Dados do Ministério da Saúde e de sociedades médicas mostram que a cobertura do rastreamento mamográfico no Brasil está longe do ideal preconizado internacionalmente, com variações expressivas entre regiões, faixas de renda e acesso a serviços de saúde. Ex-secretário de Saúde, Vinicius Tadeu Sattin Rodrigues acompanhou de perto essa realidade em sua atuação institucional, e é justamente esse cruzamento entre gestão pública e prática clínica que ajuda a explicar por que a solução exige mais do que boa vontade individual. Veja a seguir onde estão os principais gargalos.
Um exame recomendado, mas nem sempre acessível
A recomendação médica é relativamente simples: mulheres a partir dos 50 anos, sem fatores de risco adicionais, devem realizar mamografia a cada dois anos, segundo o protocolo do Sistema Único de Saúde. Para grupos de maior risco, o acompanhamento costuma começar antes e com periodicidade diferente, sempre orientado por avaliação médica individual.

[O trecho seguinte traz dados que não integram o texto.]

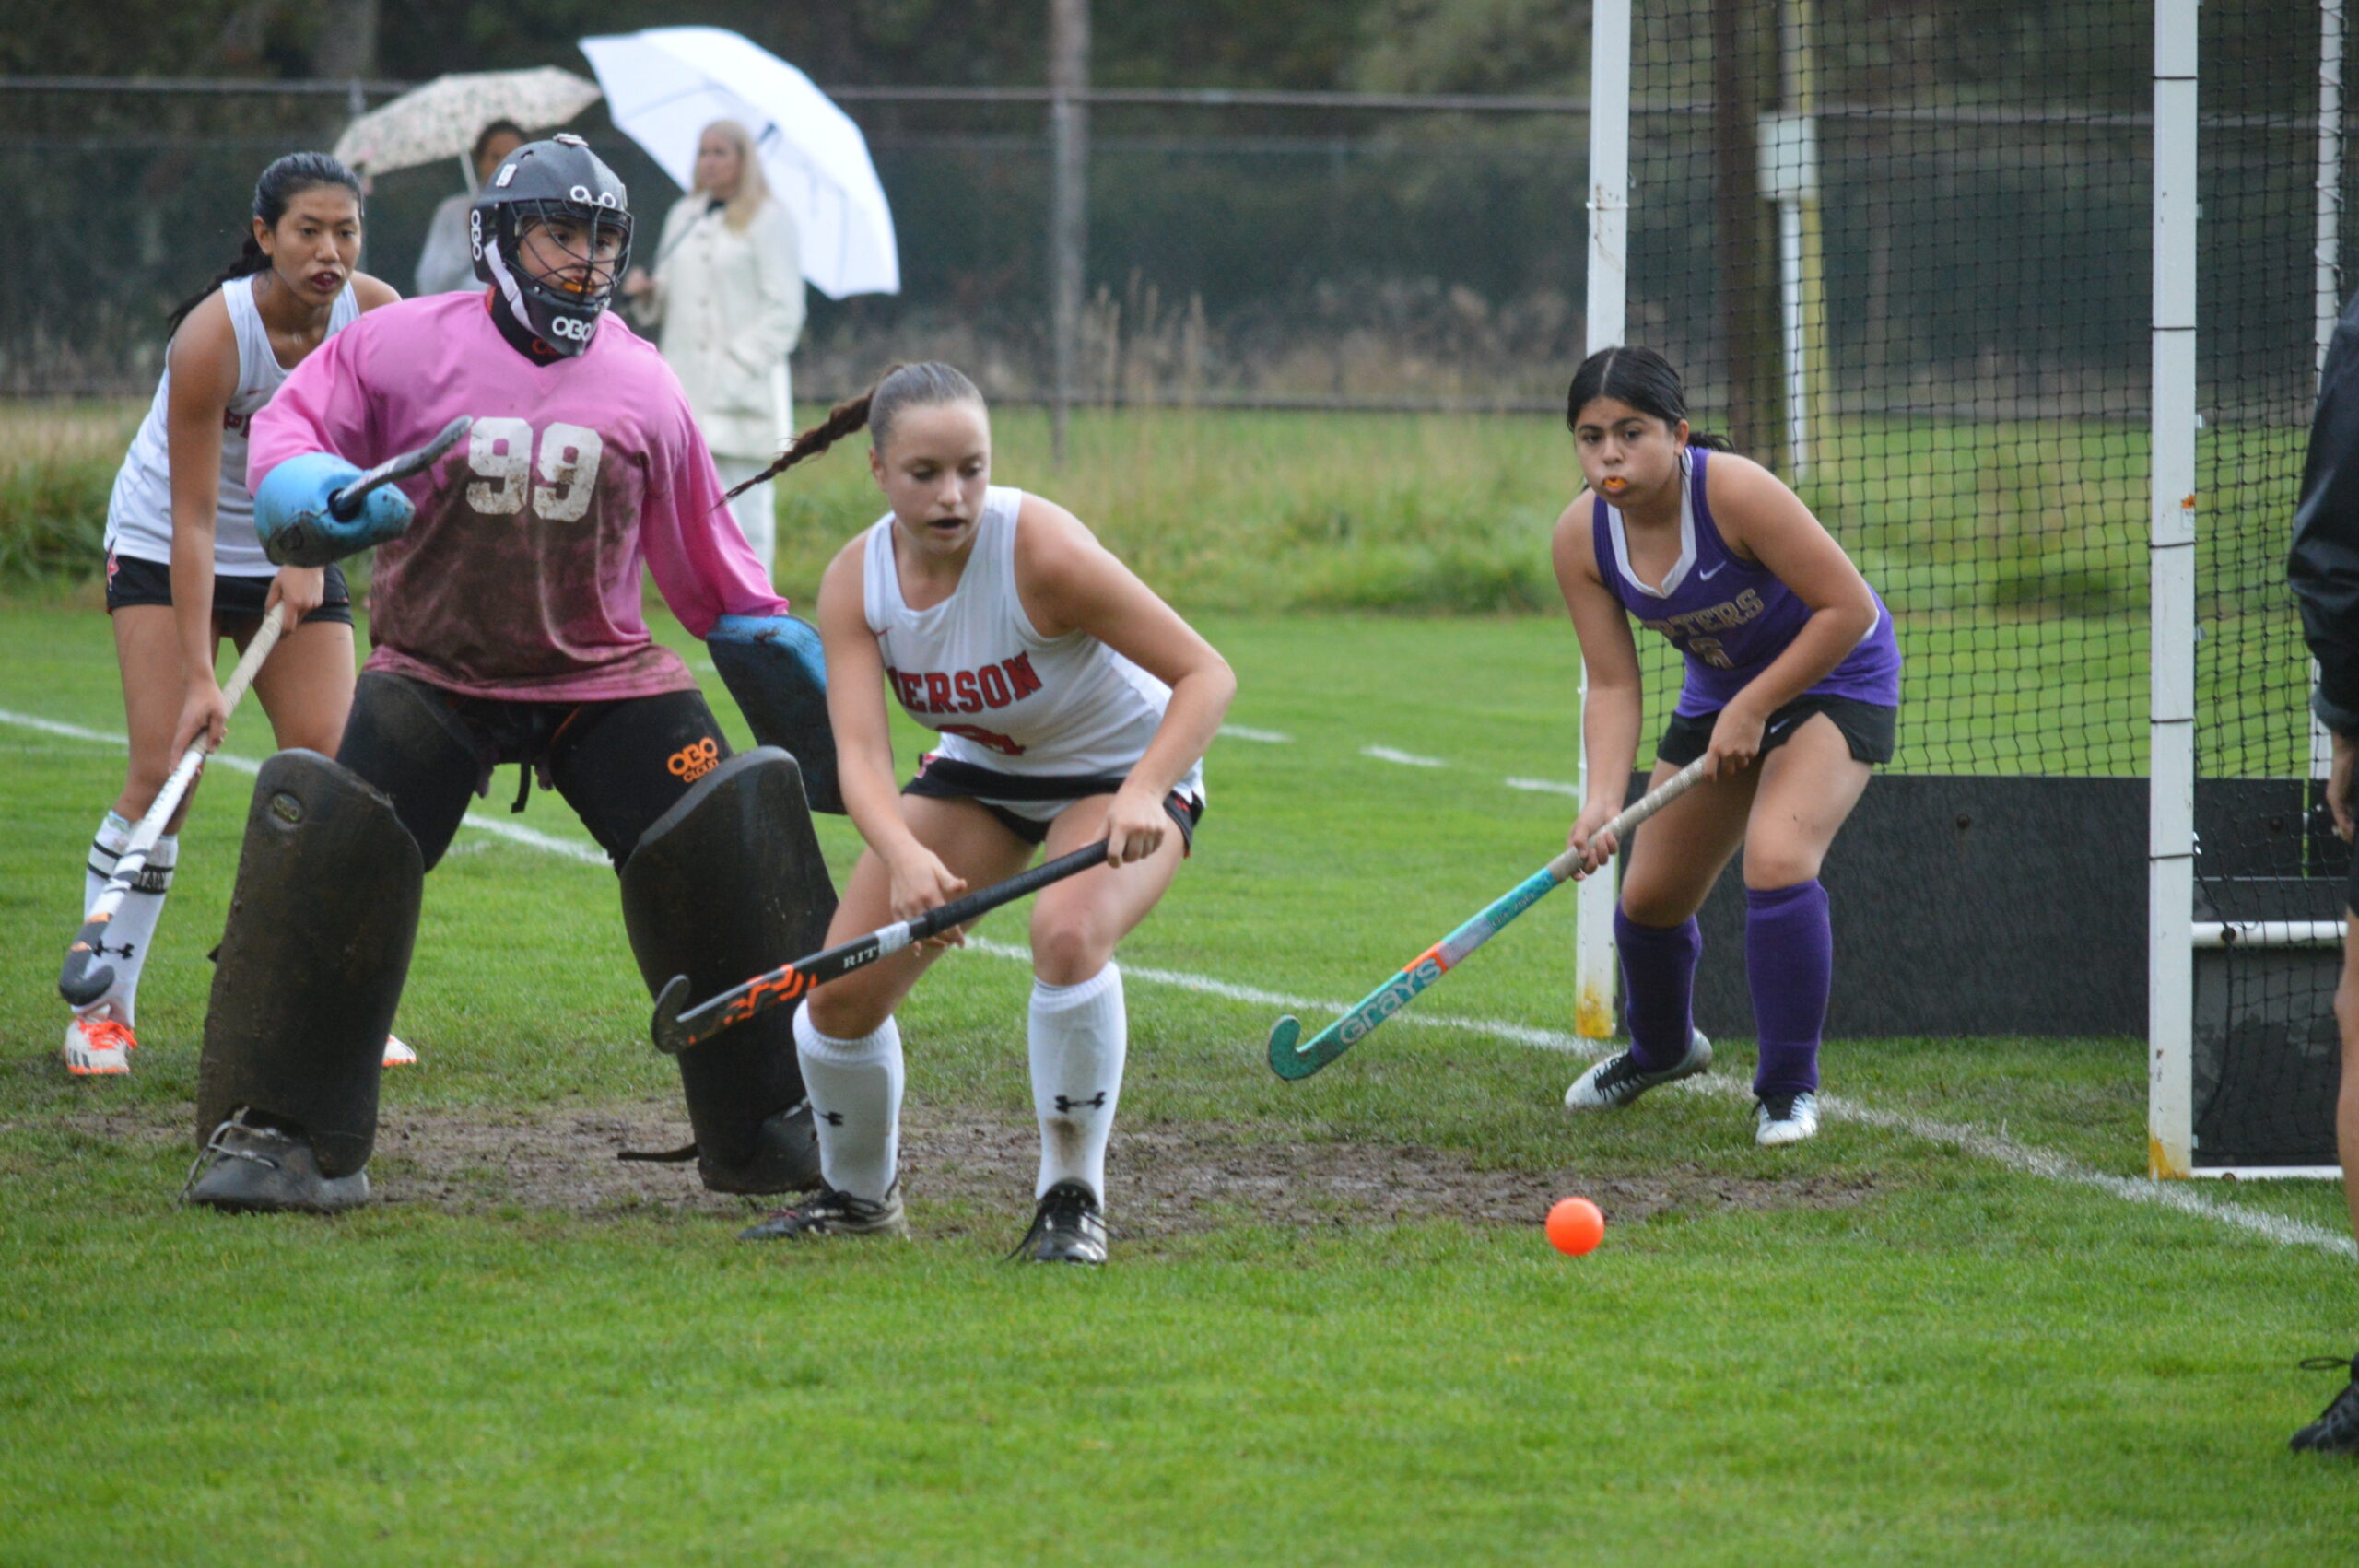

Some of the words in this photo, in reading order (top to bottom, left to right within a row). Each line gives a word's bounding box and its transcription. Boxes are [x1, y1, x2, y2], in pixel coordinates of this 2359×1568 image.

[471, 209, 483, 261] OBO
[552, 316, 593, 341] OBO
[466, 416, 604, 523] 99
[667, 737, 718, 776] OBO

O desafio não está na recomendação em si, mas na capacidade de transformá-la em prática cotidiana para milhões de mulheres espalhadas por um território de dimensões continentais. Filas de espera, número insuficiente de mamógrafos em determinadas regiões e falta de informação básica sobre a importância do exame se somam e reduzem drasticamente a adesão ao rastreamento.

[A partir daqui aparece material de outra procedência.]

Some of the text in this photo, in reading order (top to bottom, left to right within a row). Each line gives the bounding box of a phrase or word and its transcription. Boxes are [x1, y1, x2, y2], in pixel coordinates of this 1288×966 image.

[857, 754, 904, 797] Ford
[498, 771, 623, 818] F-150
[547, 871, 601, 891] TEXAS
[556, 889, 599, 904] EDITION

Infraestrutura e acesso como desafios para o rastreamento mamográfico
Grandes centros urbanos concentram a maior parte dos equipamentos de mamografia do país, enquanto municípios menores e regiões mais afastadas enfrentam escassez de aparelhos e de profissionais especializados na interpretação das imagens. Essa concentração geográfica cria um cenário em que o acesso à prevenção depende, em boa medida, do endereço da paciente.
Conforme apresenta Vinicius Rodrigues, corrigir essa distorção exige investimento coordenado em três frentes:
- Ampliação e manutenção de equipamentos nas regiões carentes;
- Capacitação contínua de profissionais para interpretação de imagens;
- Logística de deslocamento para mulheres que vivem longe dos centros de diagnóstico.
Sem esse investimento articulado, campanhas de conscientização isoladas têm efeito limitado sobre a realidade de quem mora longe de um mamógrafo.

Informação também é barreira de acesso
Falta de acesso físico ao exame é apenas parte do problema. Uma parcela das mulheres que poderiam realizar a mamografia gratuitamente pelo SUS simplesmente desconhece essa possibilidade ou subestima a importância do rastreamento periódico, sobretudo quando não apresenta nenhum sintoma.
Essa lacuna de informação tem consequências diretas: quanto mais tardio o diagnóstico, menores as chances de um tratamento menos invasivo e mais eficaz. Como reforça Vinicius Tadeu Sattin Rodrigues, ampliar o acesso ao exame precisa caminhar junto com a ampliação do entendimento sobre por que ele importa. Nesse quesito, um mamógrafo disponível de nada adianta se a mulher não sabe que deveria procurá-lo.
Reduzir a distância entre recomendação e realidade
Fechar essa lacuna depende de ações simultâneas em várias frentes: expansão da rede de equipamentos, capacitação de profissionais em regiões carentes, campanhas educativas contínuas e políticas públicas que enxerguem a prevenção como investimento, não como gasto. Isoladamente, cada uma dessas medidas tem efeito limitado.
O desafio brasileiro não é convencer especialistas de que o rastreamento salva vidas; isso já é consenso técnico consolidado. O desafio real é fazer com que essa certeza científica chegue à prática de quem mais precisa dela, especialmente nas regiões onde a distância entre o hospital mais próximo e a casa da paciente ainda é medida em horas de viagem.
Além da ampliação da estrutura física, especialistas defendem que o rastreamento precisa ser pensado como uma linha de cuidado contínua, que acompanhe a mulher desde o acesso à informação até a confirmação diagnóstica e o início do tratamento. Vinicius Tadeu Sattin Rodrigues conclui que quando essas etapas funcionam de forma integrada, aumentam as chances de identificar alterações em fases iniciais e reduzir as diferenças nos resultados entre populações de diferentes regiões.